Looking back towards the coast from higher up the track
Purple-throated Carib: This monotypic species is endemic to the montane forests of the Lesser Antilles
Pearly-eyed Thrasher: This is the klinikowskii subspecies which is endemic to St Lucia. Other subspecies occur on a number of other Caribbean Islands
St Lucia Warbler: This gorgeous New World Warbler is endemic to St Lucia
Bananaquit: This is the martinicana subspecies which is endemic to Martinique & St Lucia
St Lucia Oriole: This skulking St Lucia endemic just refused to show much better than this when every time I lifted the camera, but I had better views with the bins
St Lucia Anole: The species is endemic to Saint Lucia
St Lucia Anole: There were several of these St Lucia Anoles under the trees while I was trying to get better views of the St Lucia Oriole
Band-winged Dragonlet: There were several of this distinctive-looking dragonfly in the dried up river bed. It has a wide range covering the Caribbean, North America, Central America & South America
Finally, it was time to head back to the road. I reached the layby & was frustrated that the driver hadn't returned, given the sky was starting to look threatening. Five minutes later, the heavens opened with torrential & very local rain. It turned out it wasn't raining in Praslin and it hadn't rained about five miles further North. I was glad I had carried an umbrella, albeit my legs were still quite wet by the time the taxi driver finally bothered to turn up after twenty minutes of this heavy rain.
I'm glad I had taken the umbrella
I had time for a late lunch snack when I got back on the ship and a bit of time to relax and prepare for some of the later islands we would be visiting. Although we had to be back on the ship by 17:00, the skipper decided to stay in port until after the evening meal.
Castries: It looked better in the dark
The Norwegian Visa looked good after dark
There was a special Caribbean buffet planned for that evening and our normal restaurant was closed. The ORCA team were part of the entertainment team and we were expected to arrive late in the restaurant. That allowed the other passengers who wanted to eat early to do so, before heading onto their preferred evening's entertainment. On this occasion, part of the entertainment was a poolside cabaret next to the buffet. All the tables were packed, so once we had got our buffet food, we ended back up in the restaurant. This was a bonus as we avoided the cabaret.

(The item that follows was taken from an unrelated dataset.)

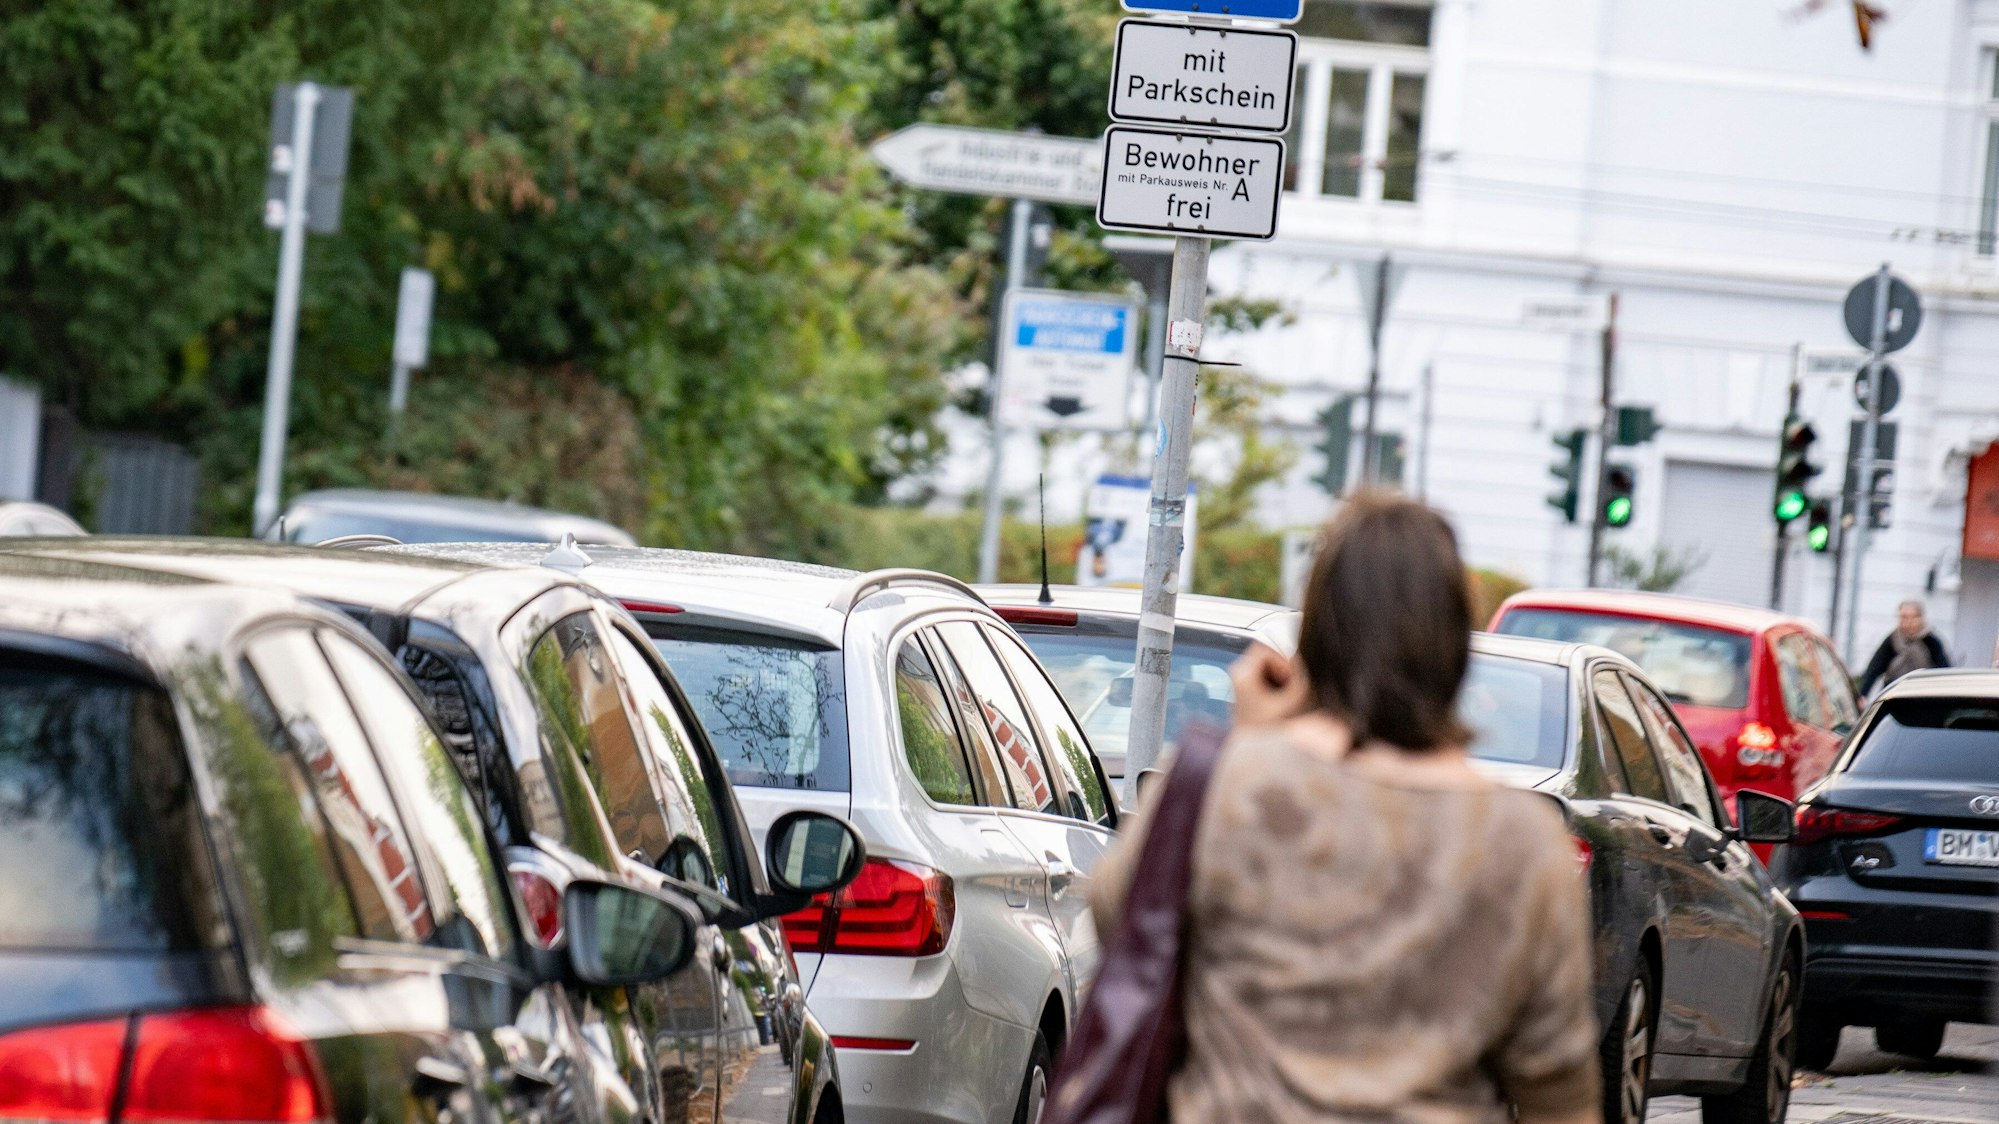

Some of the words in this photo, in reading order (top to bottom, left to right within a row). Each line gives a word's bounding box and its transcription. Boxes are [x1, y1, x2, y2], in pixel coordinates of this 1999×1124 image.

This was the nearest I was going to get to seeing a Toucan in the Lesser Antilles: Not surprising, given there are no native Toucans in the West Indies, apart from some introduced Channel-billed Toucans on Grenada
It had been another successful landing in the Lesser Antilles. I had now seen nine Ticks on my first four landings. There were still more islands to visit over the next four days.